The recent Mount Mayon eruption is the 52nd eruption to date since 1661.
The Philippine Institute of Volcanology and Seismology (PHIVOLCS) raised the alert level to four on a scale of five on Tuesday, indicating that a hazardous eruption could take place at any moment.
It also raised the danger zone radius from seven to eight km of the volcano’s crater. Mount Mayon entered a new eruptive phase on 13 January, according to PHIVOLCS, which uses a range of techniques such as visual observations, seismicity and gas emissions to monitor volcano activity.
Mount Mayon is characterised as a stratovolcano, meaning a volcano consisting of multiple layers of lava and ash. In the past, its eruptions have occurred within 10 years of one another, usually beginning with effusive eruptions.
These then progress into weak to moderately explosive eruptions consisting of lava flows, tephra (volcanic ash) and pyroclastic flows.
The United States Geological survey defines pyroclastic flows as hot lava blocks, pumice, ash, and volcanic ash that moves at high speed down a volcano. These can reach temperatures of up to 1,000 km and travel at speeds of up to 80km per hour.
PHIVOLCS director Renato Solidum predicted the possibility of either continuous lava eruptions to take place or pyroclastic flows.
What happens next would depend on the results of further geodetic and geochemistry tests being done to study earthquake strength, gas content, and other seismic movements, explained PHIVOLCS volcanologist Ed Laguetta.
"In 2014, Mayon ran out of gas which prevented an eruption from happening. We need to measure gas now. We need to be sure how strong the eruption would be," he added.
As of today, there have been no reports of injuries or casualties from the Mount Mayon eruption. Yet the Philippine government has had to relocate around 56,000 locals to evacuation 46 camps.
Extremely acidic gases like sulphur dioxide and hydrogen dioxide could be dangerous to breathe in when mixed with water vapour, to form volcanic fog. The more poisonous fluorine gas, on the other hand, has a corrosive quality and can be absorbed by vegetation – exposing humans and animals to the dangers of poisoning long after the volcanic eruptions have ended.

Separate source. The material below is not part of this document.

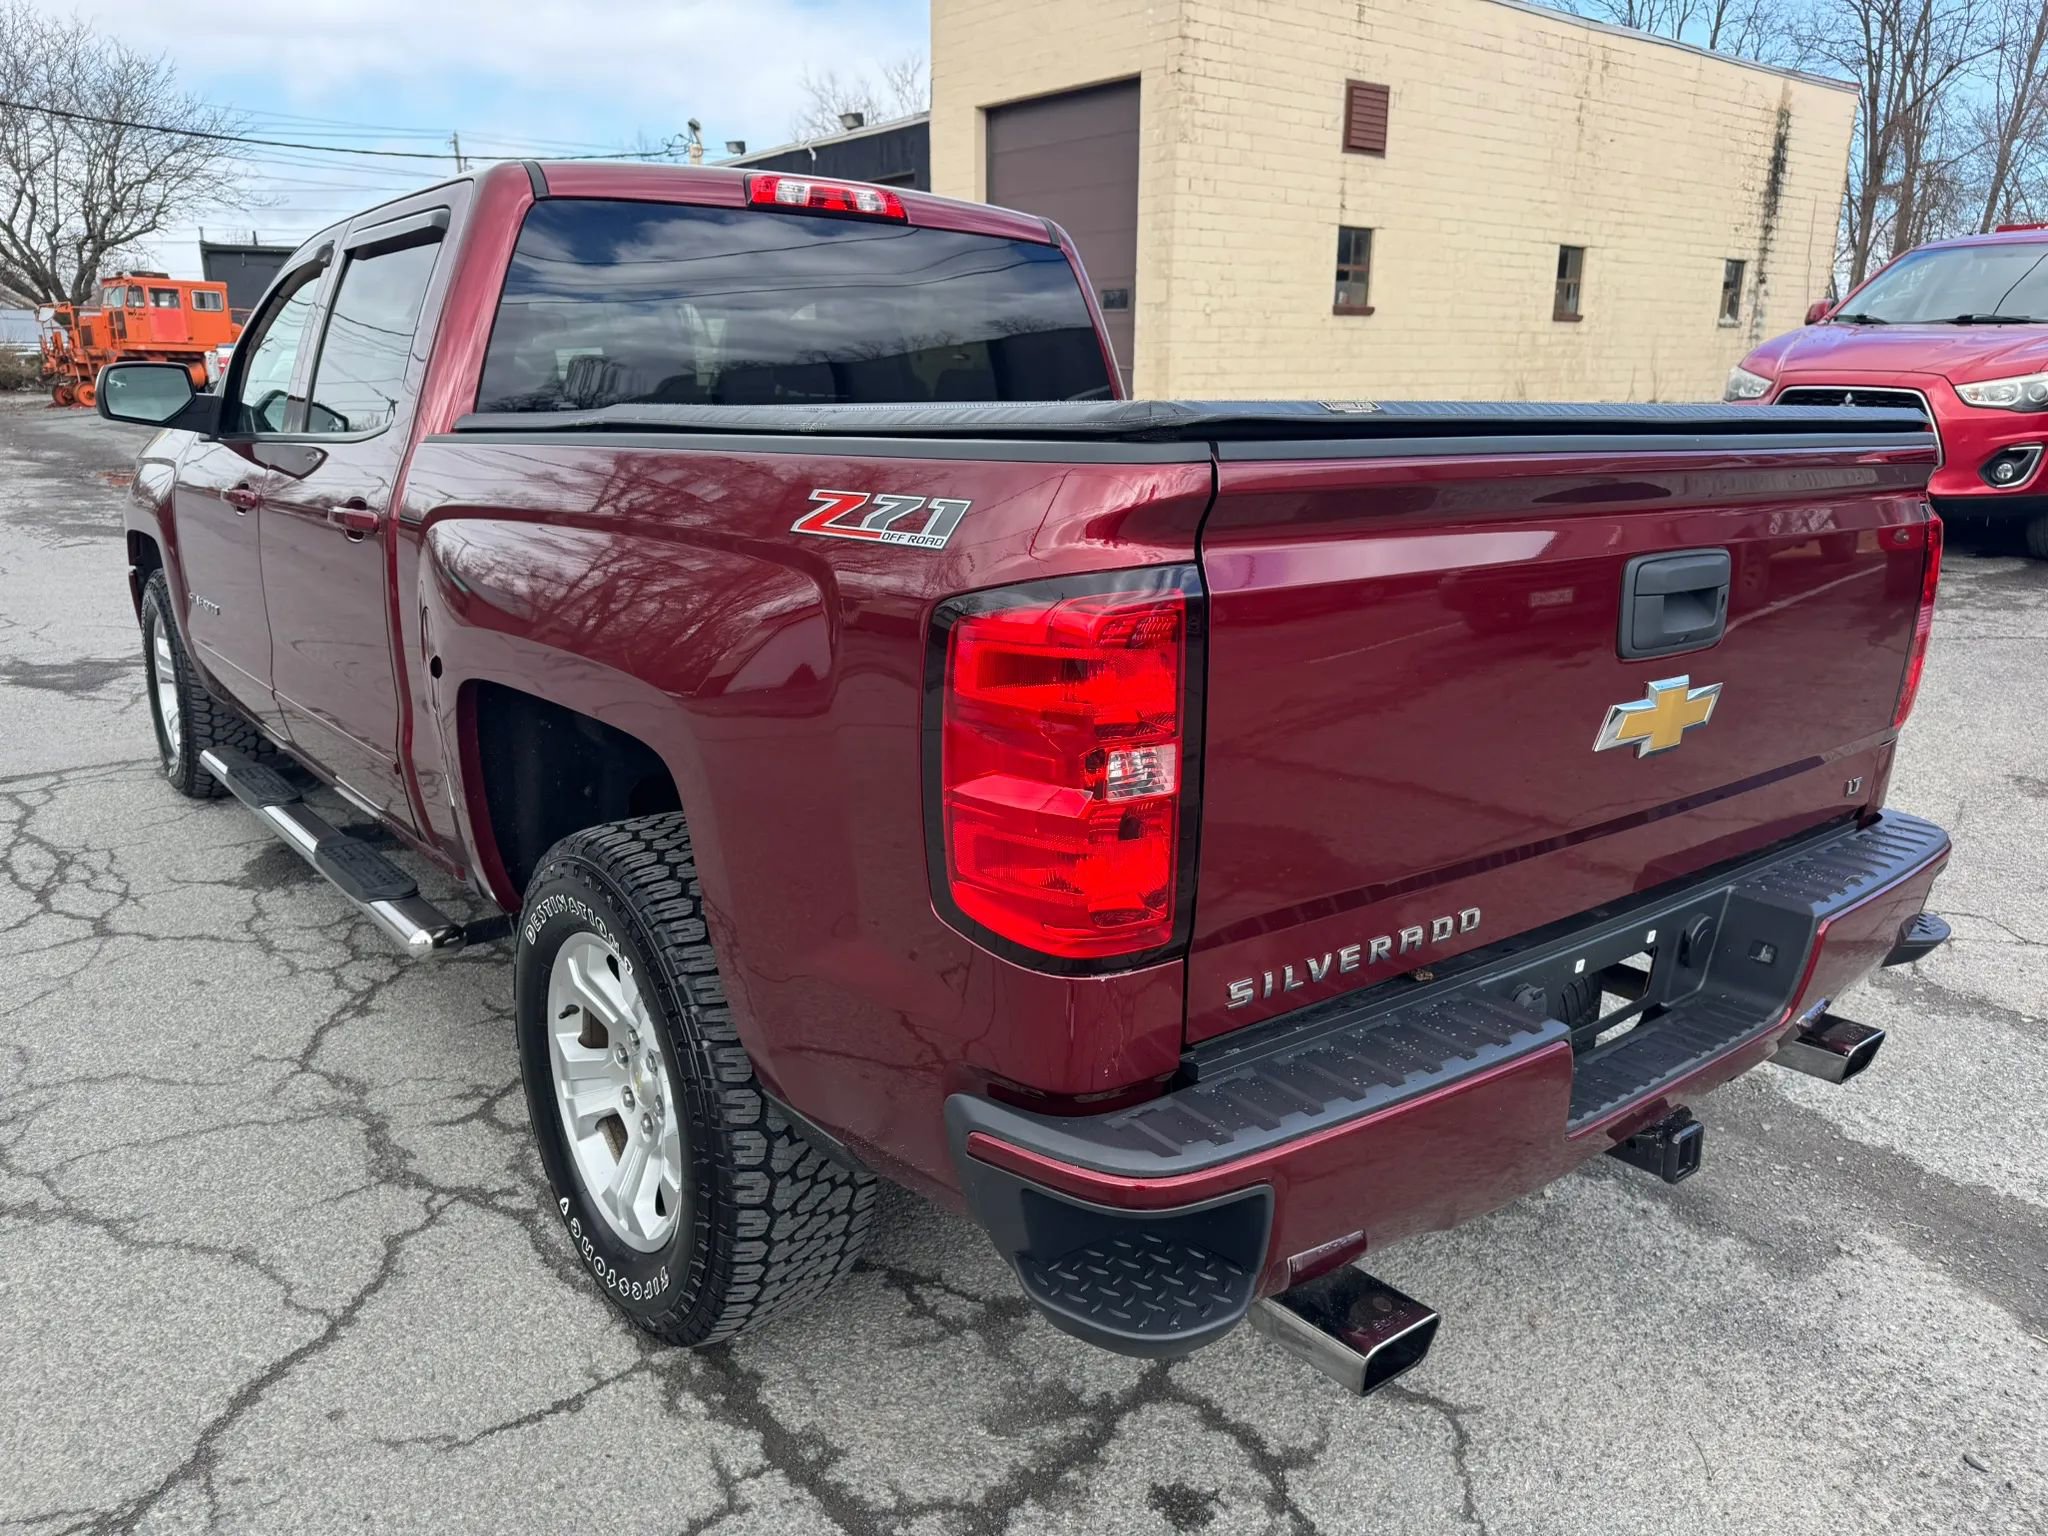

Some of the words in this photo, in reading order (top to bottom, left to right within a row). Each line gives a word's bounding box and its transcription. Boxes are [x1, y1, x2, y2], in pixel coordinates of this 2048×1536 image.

Despite the potential dangers, local farmers still opt to live and cultivate land surrounding Mount Mayon. This land has proven to be rich in minerals like phosphorus and potassium allowing farmers to grow coconut, vegetables, abaca and palay, among other crops there.
Soil formations nevertheless take years to develop, said Dian Fiantis, professor of soil science at the University of Andalas along with Budiman Minasny, Sydney University professor of soil-landscape modelling and Anthony Reid, emeritus professor with the Australian National University.
It is through much biological and chemical weathering that the ashes will release their nutrients. According to the three experts, solutions would need to be undertaken to quicken the rate of soil formation in order for farmers to really reap benefits.
Using Mount Agung as an example, they pointed out how Dutch scientist ECJ Mohr had observed in 1938 that areas near volcanoes were able to sustain high population densities due to the fertility of volcanic ash from the activity of the nearby volcanoes.
As long as there is a strong system for volcanic activity detection in place and quick evacuation of locals, populations should be able to thrive in these seemingly dangerous locations. In this way, governments would be able to ensure that the benefits of volcanic activity still outweigh the risks.